That feeling, that sense of profound loss, isn't just a modern phenomenon. Our Sages wrestled with it too. Pirkei DeRabbi Eliezer, a fascinating and often imaginative work of Jewish literature, explores this very idea. It poses the question: what does it truly mean to be diminished? The text answers with a startling assertion: "all who lose their wealth are as though they were dead."
Heavy stuff. But it sets the stage for a powerful moment in the story of Moses. Moses, the reluctant leader, the man who stammered, the shepherd who would become the liberator. God appears to him at the burning bush, commissioning him to free the Israelites from slavery. "Come and I will send thee unto Pharaoh" (Exodus 3:10), God commands.
But Moses hesitates. He shrinks back. "Send by the hand of him whom thou wilt send" (Exodus 4:13), he pleads. In other words, "Please, God, send someone else. Send someone you will send in the future."
What’s going on here? Why is Moses, this figure we revere, so resistant?
The text offers a powerful insight into Moses's reluctance. It wasn't just about his perceived inadequacies. It was about the immense weight of the task, the potential for failure, the risk of losing everything. Maybe, just maybe, Moses felt that loss already – a kind of spiritual or emotional poverty that made him question his ability to lead.
God, in his infinite patience, responds with clarity. "I have not said, 'Come and I will send thee to Israel,' but 'Come and I will send thee unto Pharaoh.'" (Exodus 3:10). The mission is specific, the challenge immediate. God isn't asking Moses to solve all the world's problems, just to take the first, crucial step.
And what about Moses's plea to send someone else, someone destined for the future? God addresses that too, hinting at the coming of Elijah the Prophet: "Behold, I will send you Elijah the prophet before the great and terrible day of the Lord come" (Malachi 4:5). "And he shall turn the heart of the fathers to the children, and the heart of the children to their fathers" (Malachi 4:6).

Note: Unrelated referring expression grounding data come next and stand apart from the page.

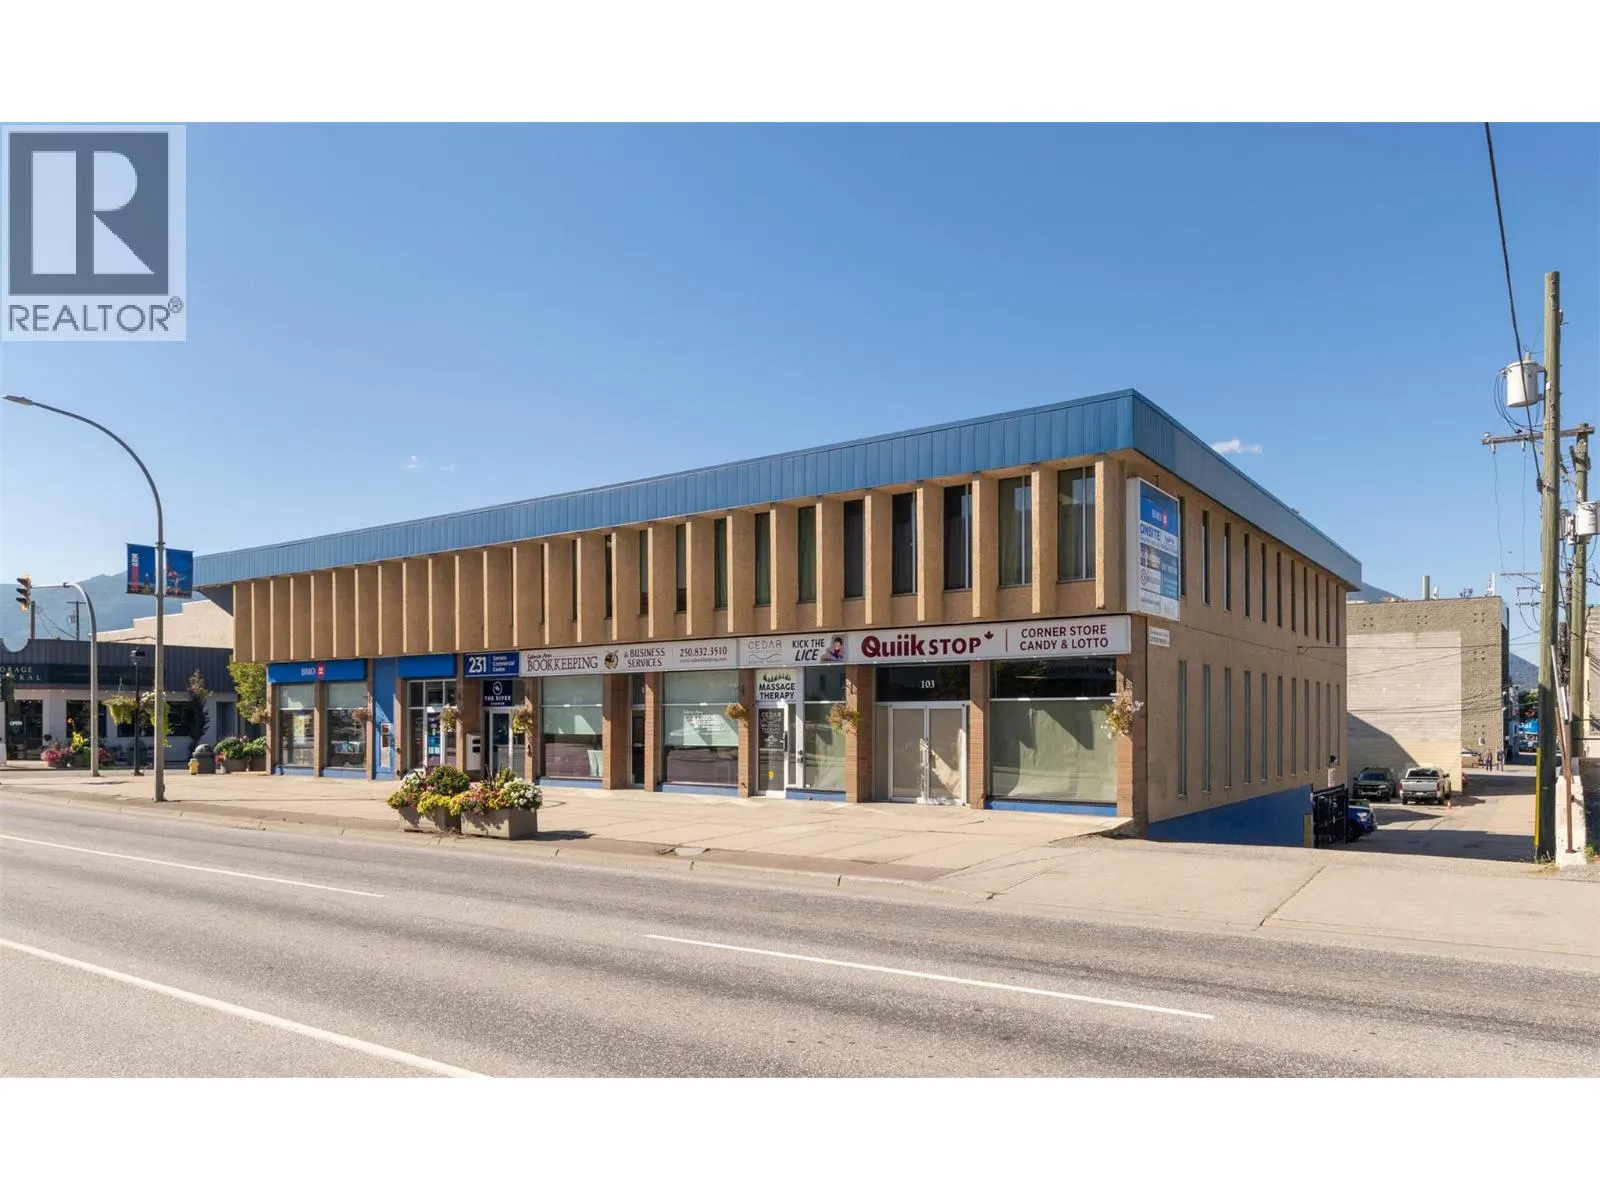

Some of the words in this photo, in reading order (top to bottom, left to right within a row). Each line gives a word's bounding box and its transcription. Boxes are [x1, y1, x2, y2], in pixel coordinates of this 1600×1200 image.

[1140, 523, 1161, 541] ONSITE
[1021, 626, 1067, 639] CORNER
[1069, 624, 1107, 637] STORE
[747, 639, 783, 650] CEDAR
[792, 639, 810, 649] KICK
[811, 638, 825, 648] THE
[861, 633, 925, 658] Quiik
[928, 637, 981, 655] STOP
[1019, 640, 1058, 651] CANDY
[1060, 639, 1068, 650] &
[1071, 637, 1109, 649] LOTTO
[629, 647, 666, 658] BUSINESS
[679, 646, 728, 658] 250.832.3510
[795, 648, 820, 662] LICE
[468, 656, 487, 673] 231
[526, 655, 599, 672] BOOKKEEPING
[627, 657, 663, 668] SERVICES
[301, 667, 316, 676] BMO
[758, 682, 796, 691] MASSAGE
[920, 680, 936, 689] 103
[760, 691, 795, 700] THERAPY
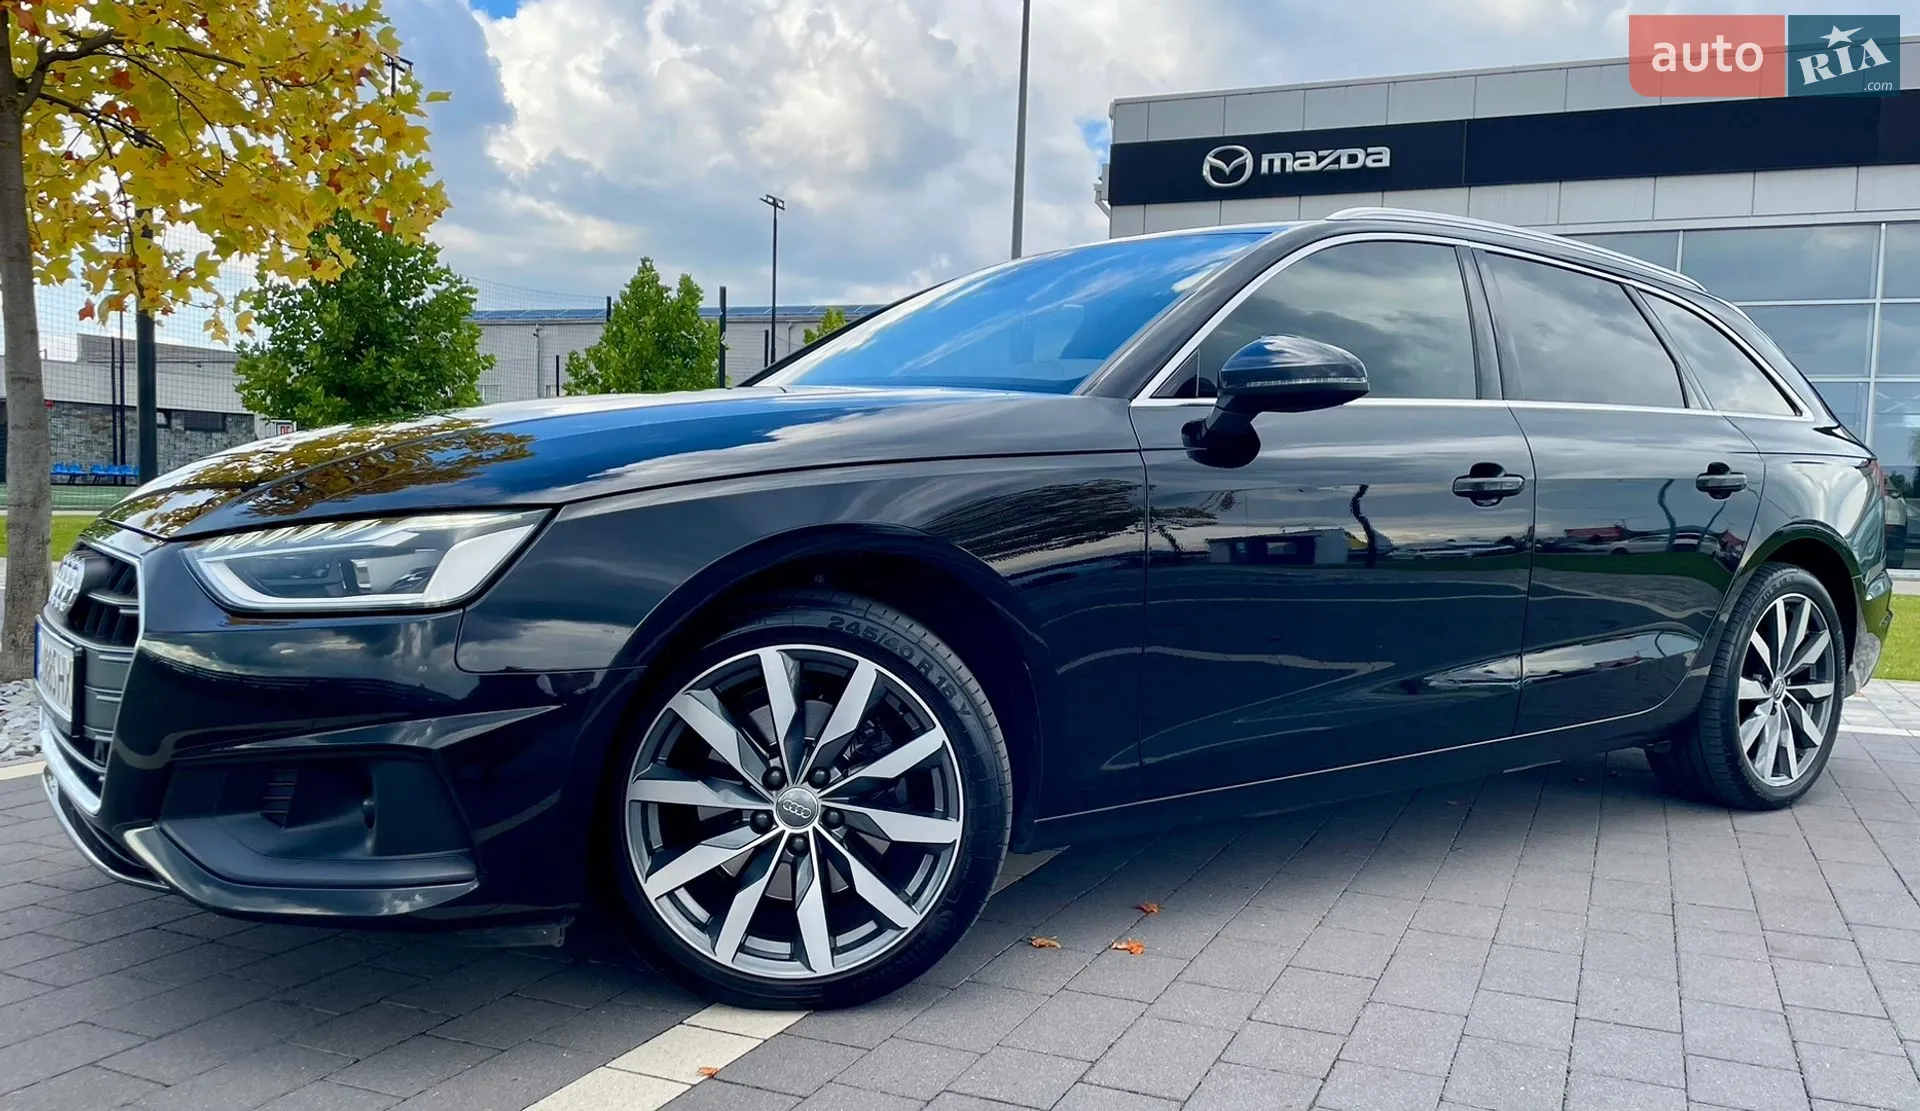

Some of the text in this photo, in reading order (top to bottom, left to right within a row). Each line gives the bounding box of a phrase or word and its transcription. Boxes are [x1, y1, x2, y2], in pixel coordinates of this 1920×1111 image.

Elijah, the harbinger of redemption, will have his own role to play, his own mission to fulfill. But that doesn't diminish the importance of Moses's present task. Each generation, each individual, has their own calling.
So what does this ancient text, this glimpse into the conversation between God and Moses, tell us today? Perhaps it's this: even when we feel diminished, even when we doubt our abilities, we are still called upon to act. To step forward, to answer the call, to play our part in the ongoing story of redemption. And sometimes, just sometimes, that first step is all that's asked of us.